- _Problem statement_
Reproduce exactly, with no other output, every line of the data below from the line containing "this 1800×1350 image." to the end, inclusive.

- _Dataset extract_
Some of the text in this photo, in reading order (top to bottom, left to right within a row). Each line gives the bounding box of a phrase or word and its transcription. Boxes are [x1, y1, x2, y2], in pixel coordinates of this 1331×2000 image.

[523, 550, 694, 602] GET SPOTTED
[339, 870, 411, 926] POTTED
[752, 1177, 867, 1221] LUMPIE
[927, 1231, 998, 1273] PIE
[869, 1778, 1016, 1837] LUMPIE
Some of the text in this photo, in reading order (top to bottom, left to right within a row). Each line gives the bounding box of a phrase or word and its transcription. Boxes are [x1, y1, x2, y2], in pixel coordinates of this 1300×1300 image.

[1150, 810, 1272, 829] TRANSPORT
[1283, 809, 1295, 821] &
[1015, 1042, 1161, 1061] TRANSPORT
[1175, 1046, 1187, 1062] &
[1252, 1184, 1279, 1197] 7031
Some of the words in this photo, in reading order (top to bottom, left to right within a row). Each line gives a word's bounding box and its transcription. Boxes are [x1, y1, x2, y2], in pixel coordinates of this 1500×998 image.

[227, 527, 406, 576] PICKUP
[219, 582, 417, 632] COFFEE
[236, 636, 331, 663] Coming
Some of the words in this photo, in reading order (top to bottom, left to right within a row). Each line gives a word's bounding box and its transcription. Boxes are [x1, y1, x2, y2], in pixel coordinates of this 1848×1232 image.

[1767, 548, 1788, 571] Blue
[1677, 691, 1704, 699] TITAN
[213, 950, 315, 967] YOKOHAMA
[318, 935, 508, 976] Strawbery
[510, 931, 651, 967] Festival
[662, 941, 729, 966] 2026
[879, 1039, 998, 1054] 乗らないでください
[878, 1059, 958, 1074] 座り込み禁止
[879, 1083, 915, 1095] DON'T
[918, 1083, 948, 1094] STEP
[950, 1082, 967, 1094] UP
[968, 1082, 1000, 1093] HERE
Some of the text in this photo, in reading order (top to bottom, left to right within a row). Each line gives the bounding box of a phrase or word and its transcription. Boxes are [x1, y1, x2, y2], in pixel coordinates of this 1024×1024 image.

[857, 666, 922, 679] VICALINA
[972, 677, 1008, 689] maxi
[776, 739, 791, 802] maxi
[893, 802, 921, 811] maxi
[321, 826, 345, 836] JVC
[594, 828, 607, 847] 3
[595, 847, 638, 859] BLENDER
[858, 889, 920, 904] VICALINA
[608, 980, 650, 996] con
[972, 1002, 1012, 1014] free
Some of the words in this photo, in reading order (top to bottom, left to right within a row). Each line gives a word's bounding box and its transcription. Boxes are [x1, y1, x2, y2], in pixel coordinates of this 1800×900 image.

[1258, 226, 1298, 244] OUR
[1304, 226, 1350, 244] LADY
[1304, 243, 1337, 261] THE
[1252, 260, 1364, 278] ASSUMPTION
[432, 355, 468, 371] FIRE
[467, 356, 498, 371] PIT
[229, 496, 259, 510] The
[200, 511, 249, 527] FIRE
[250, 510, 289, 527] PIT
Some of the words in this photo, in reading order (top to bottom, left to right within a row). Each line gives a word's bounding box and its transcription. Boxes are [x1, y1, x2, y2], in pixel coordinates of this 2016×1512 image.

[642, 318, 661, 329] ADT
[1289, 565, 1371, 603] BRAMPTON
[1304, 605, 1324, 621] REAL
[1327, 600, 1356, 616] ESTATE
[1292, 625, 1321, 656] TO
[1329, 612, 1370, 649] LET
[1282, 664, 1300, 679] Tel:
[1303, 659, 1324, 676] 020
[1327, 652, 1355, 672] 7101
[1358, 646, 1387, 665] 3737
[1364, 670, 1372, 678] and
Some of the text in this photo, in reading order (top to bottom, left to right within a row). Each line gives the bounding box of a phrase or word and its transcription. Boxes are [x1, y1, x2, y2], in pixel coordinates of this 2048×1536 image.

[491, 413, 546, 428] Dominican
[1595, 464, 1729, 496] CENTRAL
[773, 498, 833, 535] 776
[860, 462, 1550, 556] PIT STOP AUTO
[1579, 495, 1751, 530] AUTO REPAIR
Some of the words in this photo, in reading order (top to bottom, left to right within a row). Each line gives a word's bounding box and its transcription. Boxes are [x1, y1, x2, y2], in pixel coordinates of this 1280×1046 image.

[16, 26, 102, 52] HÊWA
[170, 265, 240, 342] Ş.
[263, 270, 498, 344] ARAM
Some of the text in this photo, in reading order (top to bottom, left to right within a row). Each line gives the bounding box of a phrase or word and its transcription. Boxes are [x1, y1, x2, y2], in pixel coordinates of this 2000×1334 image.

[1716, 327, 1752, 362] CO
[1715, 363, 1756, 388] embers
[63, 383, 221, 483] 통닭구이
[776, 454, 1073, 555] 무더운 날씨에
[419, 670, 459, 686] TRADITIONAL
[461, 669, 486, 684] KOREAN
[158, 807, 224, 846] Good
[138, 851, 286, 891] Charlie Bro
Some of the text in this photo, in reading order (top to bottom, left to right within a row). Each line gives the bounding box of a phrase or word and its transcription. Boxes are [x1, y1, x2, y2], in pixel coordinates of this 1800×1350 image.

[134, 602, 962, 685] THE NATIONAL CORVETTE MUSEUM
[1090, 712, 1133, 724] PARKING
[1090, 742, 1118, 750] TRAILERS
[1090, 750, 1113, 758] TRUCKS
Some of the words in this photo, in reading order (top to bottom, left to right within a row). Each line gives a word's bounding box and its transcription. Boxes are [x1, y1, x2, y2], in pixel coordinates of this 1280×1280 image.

- _Exercise solution_
Some of the text in this photo, in reading order (top to bottom, left to right within a row). Each line gives the bounding box of a phrase or word and its transcription. Boxes are [x1, y1, x2, y2], in pixel coordinates of this 1800×1350 image.

[134, 602, 962, 685] THE NATIONAL CORVETTE MUSEUM
[1090, 712, 1133, 724] PARKING
[1090, 742, 1118, 750] TRAILERS
[1090, 750, 1113, 758] TRUCKS
Some of the words in this photo, in reading order (top to bottom, left to right within a row). Each line gives a word's bounding box and its transcription. Boxes are [x1, y1, x2, y2], in pixel coordinates of this 1280×1280 image.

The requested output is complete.